Feminists demand an end to church-state ties in Poland
Posted: Wed, 14 Mar 2012
Feminists and supporters took to the streets of several Polish cities last Sunday, demanding ties between Church and State should be cut. 3000 participants in the "XIII Great Warsaw Manifa" marched under the slogan of "We are cutting the umbilical cord."
The slogan was a reference to the funding of the Church by the state, and when the march reached the Polish parliament, two participants cut a symbolic umbilical cord. Poland signed the Concordat with the Holy See, which gives the Church certain privileges in terms of taxation and property.
Protesters argued that the global financial crisis provided further logic for the abandoning of state funding for the Church, and that attention should be focused on health, education, violence prevention and other social issues.
Although 80 percent of funding for the Roman Catholic Church in Poland comes from the faithful, the government pays about 89 million zloty (21.4 million euros) per year into the so-called Church Fund.

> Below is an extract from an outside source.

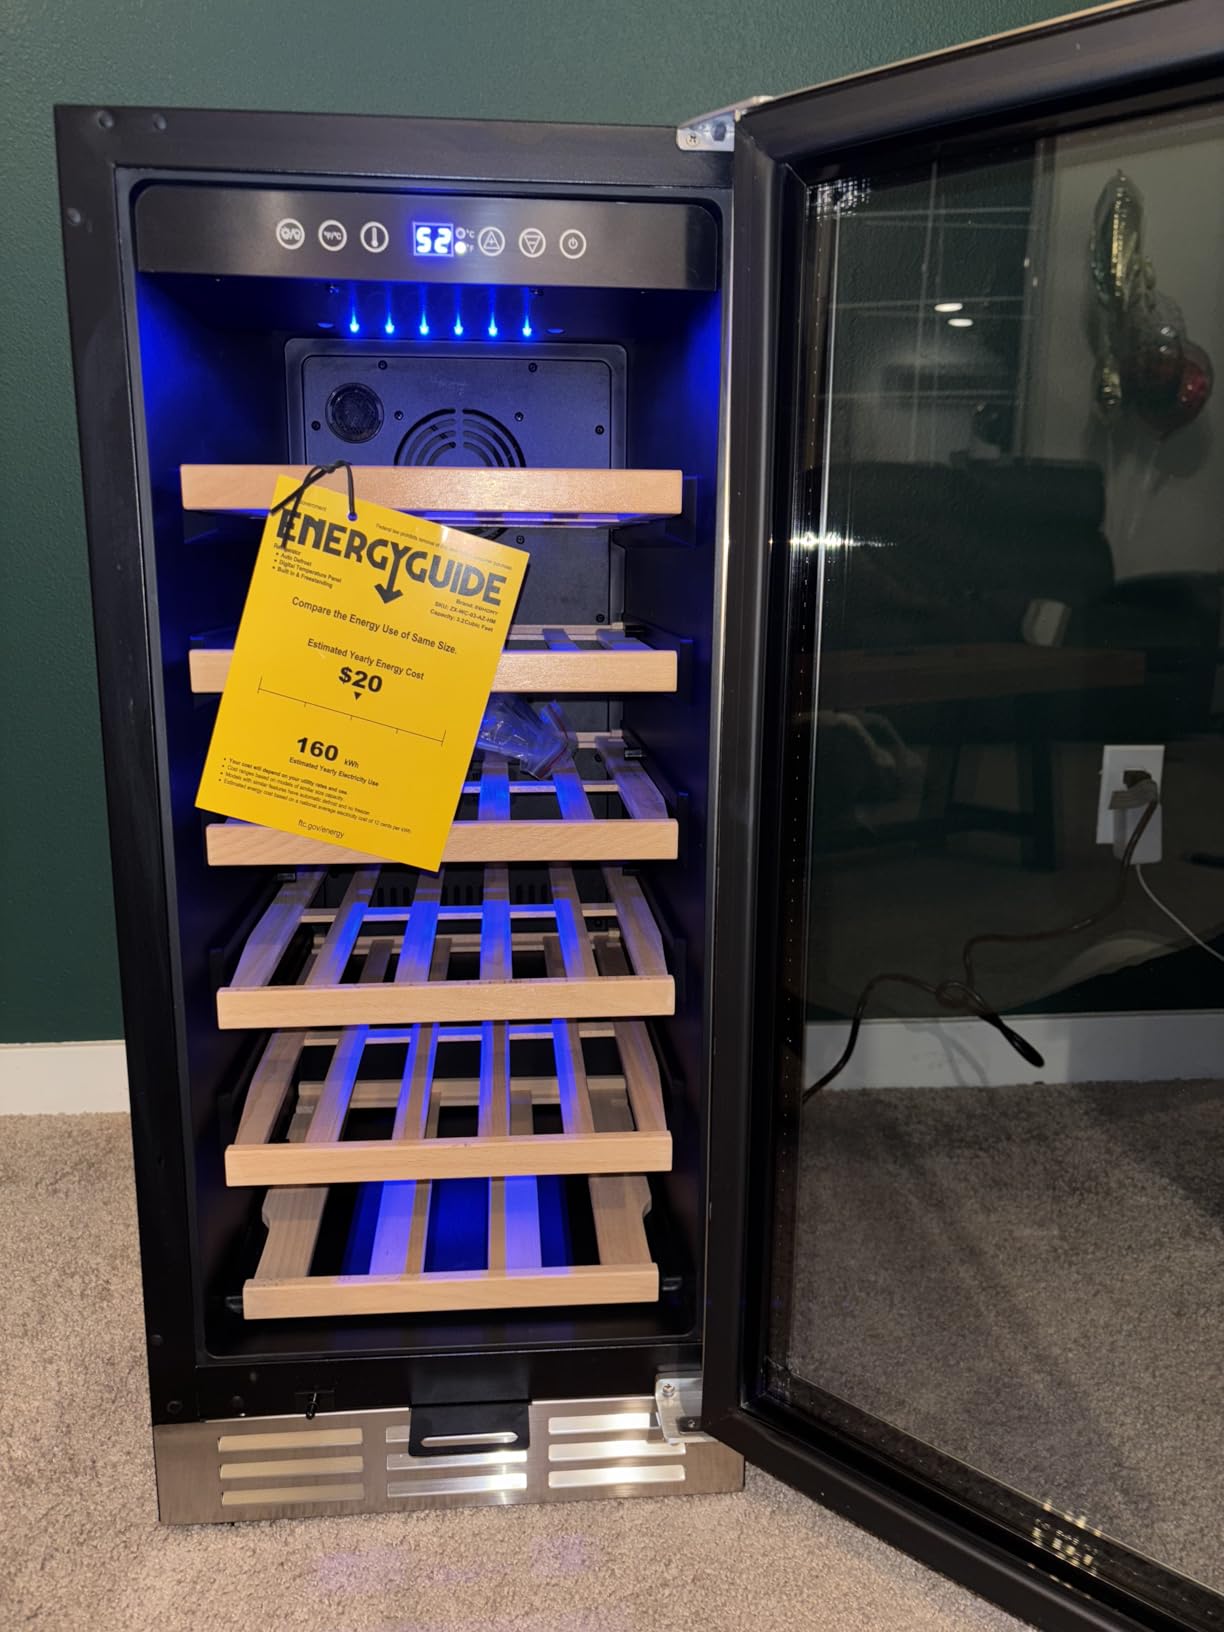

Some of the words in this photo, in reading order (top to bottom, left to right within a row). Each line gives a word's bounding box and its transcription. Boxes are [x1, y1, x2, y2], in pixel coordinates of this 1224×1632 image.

"We want health, not Hail Marys," one protestor said. Calls for the full legalisation of abortion and in vitro fertilization were also voiced.
Several politicians took part in the marches, including Janusz Palikot, leader of the liberal, anticlerical Palikot's Movement party and Joanna Senyszyn from the Democratic Left Alliance (SLD).
Meanwhile, Mariusz Blaszczak, leader of the conservative Law and Justice (PiS) in parliament, told Polish Radio this morning that the manifa demonstration was "microscopic" compared to the others and added that instead of defending the rights of women, participants of the demo attacked the Church.